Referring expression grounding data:
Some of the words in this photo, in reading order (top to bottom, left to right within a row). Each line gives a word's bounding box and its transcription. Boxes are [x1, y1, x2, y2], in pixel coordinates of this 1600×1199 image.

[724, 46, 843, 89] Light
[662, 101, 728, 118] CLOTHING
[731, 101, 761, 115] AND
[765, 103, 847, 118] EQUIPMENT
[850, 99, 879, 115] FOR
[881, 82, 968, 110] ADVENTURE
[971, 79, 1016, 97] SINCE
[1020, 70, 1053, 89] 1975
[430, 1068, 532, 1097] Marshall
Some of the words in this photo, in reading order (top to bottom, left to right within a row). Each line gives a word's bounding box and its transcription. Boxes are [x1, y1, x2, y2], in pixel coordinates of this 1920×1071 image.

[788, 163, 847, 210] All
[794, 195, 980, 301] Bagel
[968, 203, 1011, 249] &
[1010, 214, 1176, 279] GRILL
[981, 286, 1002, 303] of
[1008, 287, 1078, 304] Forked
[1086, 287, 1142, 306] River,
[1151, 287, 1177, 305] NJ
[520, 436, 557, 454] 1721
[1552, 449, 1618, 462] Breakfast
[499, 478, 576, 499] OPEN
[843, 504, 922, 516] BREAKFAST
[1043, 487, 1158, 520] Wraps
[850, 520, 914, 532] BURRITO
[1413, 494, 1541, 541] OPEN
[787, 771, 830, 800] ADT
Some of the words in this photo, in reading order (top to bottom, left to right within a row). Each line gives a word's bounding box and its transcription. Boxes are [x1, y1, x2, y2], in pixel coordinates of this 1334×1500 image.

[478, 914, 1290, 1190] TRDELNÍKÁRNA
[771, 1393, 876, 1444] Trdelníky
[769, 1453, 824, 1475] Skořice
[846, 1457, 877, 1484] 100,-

Problem to work on: Find the line that contains "this 1334×1500 image.". Copy it and every line after it to the end of the records, exactly, and nothing more.

Answer to the exercise:
Some of the words in this photo, in reading order (top to bottom, left to right within a row). Each line gives a word's bounding box and its transcription. Boxes are [x1, y1, x2, y2], in pixel coordinates of this 1334×1500 image.

[478, 914, 1290, 1190] TRDELNÍKÁRNA
[771, 1393, 876, 1444] Trdelníky
[769, 1453, 824, 1475] Skořice
[846, 1457, 877, 1484] 100,-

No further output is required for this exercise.